Records for this task START
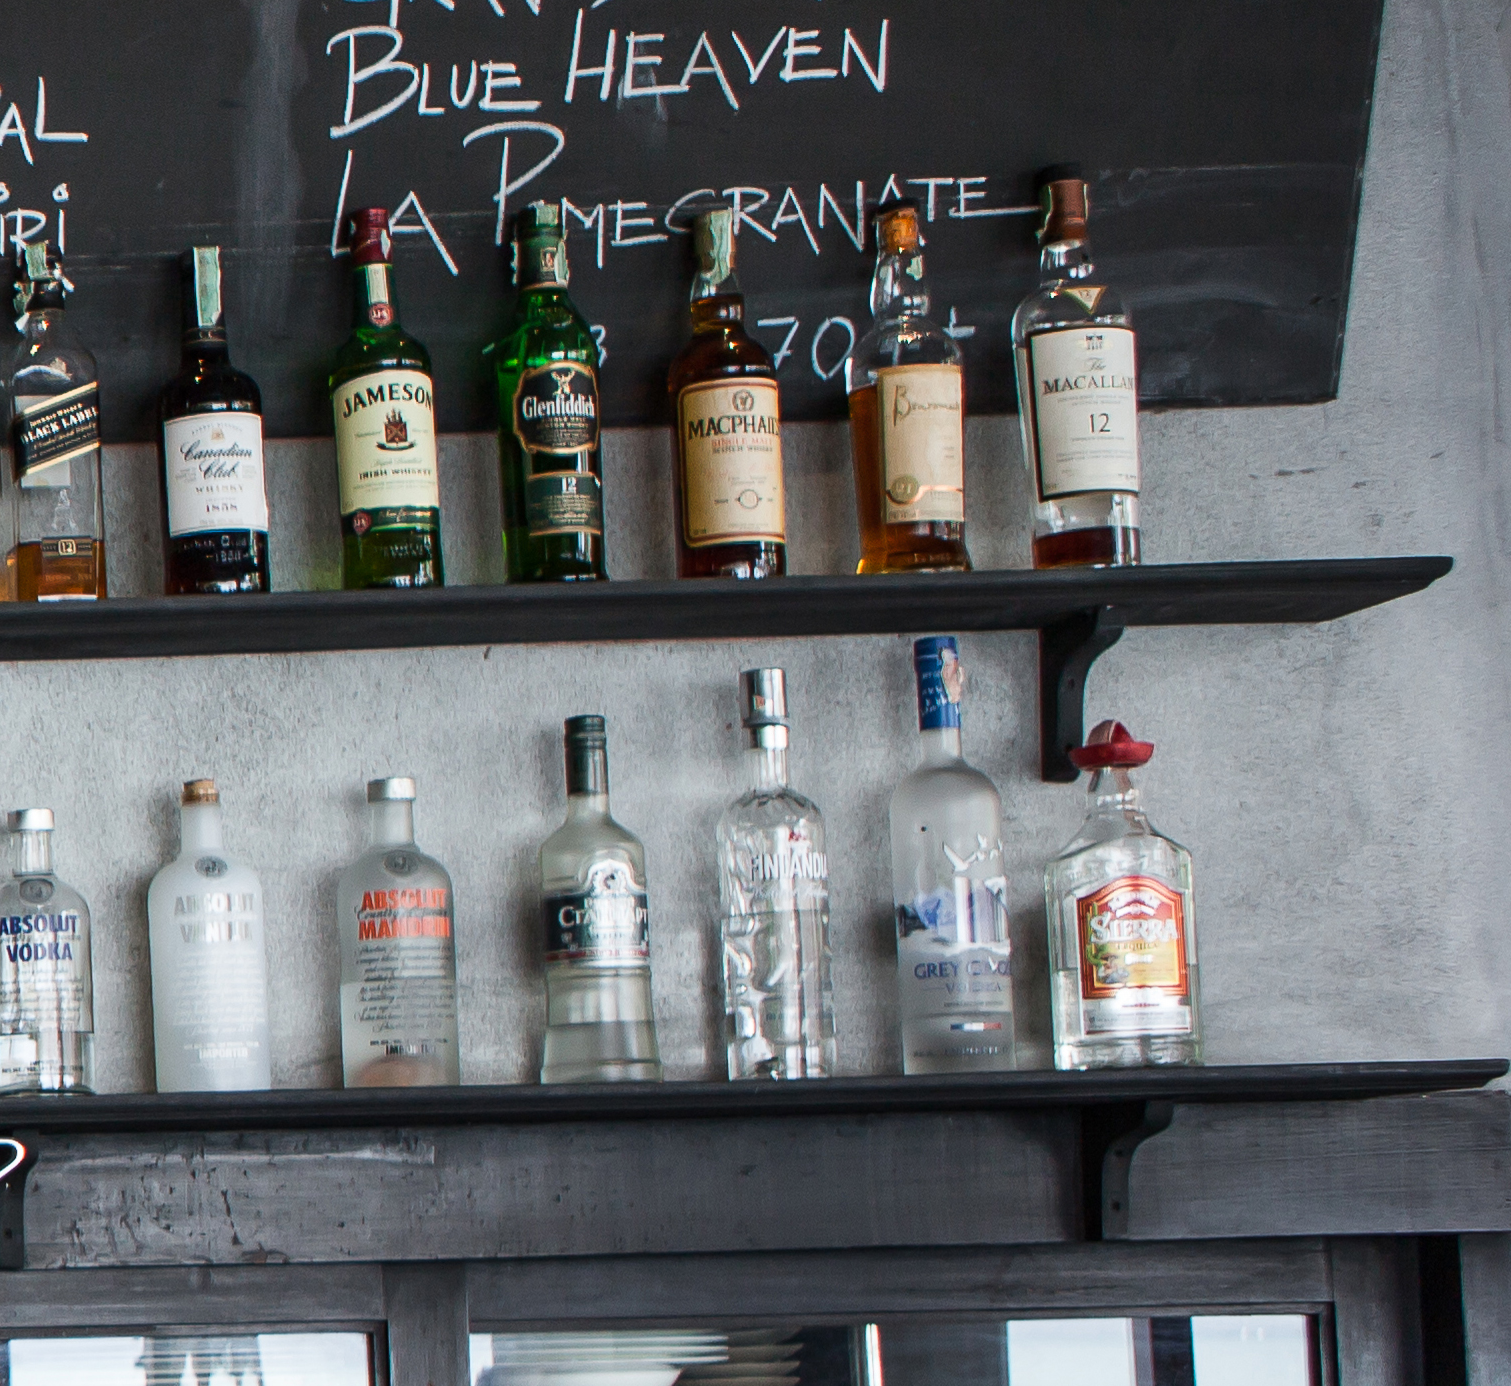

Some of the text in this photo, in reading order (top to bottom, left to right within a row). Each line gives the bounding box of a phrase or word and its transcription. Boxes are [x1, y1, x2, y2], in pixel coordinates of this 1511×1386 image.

[326, 8, 890, 140] BLUE HEAVEN
[330, 147, 461, 277] LA
[342, 381, 434, 420] JAMESON
[1088, 412, 1111, 434] 12
[179, 439, 253, 462] Canadian
[199, 457, 240, 481] Club
[562, 476, 577, 492] 12
[60, 540, 74, 553] 12
[361, 888, 447, 912] ABSOLUT
[1089, 910, 1181, 944] SIERRA
[5, 942, 74, 963] VODKA
[913, 960, 959, 979] GREY
Records for this task END
Leave out the pictures, and write out all the remaining data above exactly.

**Response for this exercise**
Some of the text in this photo, in reading order (top to bottom, left to right within a row). Each line gives the bounding box of a phrase or word and its transcription. Boxes are [x1, y1, x2, y2], in pixel coordinates of this 1511×1386 image.

[326, 8, 890, 140] BLUE HEAVEN
[330, 147, 461, 277] LA
[342, 381, 434, 420] JAMESON
[1088, 412, 1111, 434] 12
[179, 439, 253, 462] Canadian
[199, 457, 240, 481] Club
[562, 476, 577, 492] 12
[60, 540, 74, 553] 12
[361, 888, 447, 912] ABSOLUT
[1089, 910, 1181, 944] SIERRA
[5, 942, 74, 963] VODKA
[913, 960, 959, 979] GREY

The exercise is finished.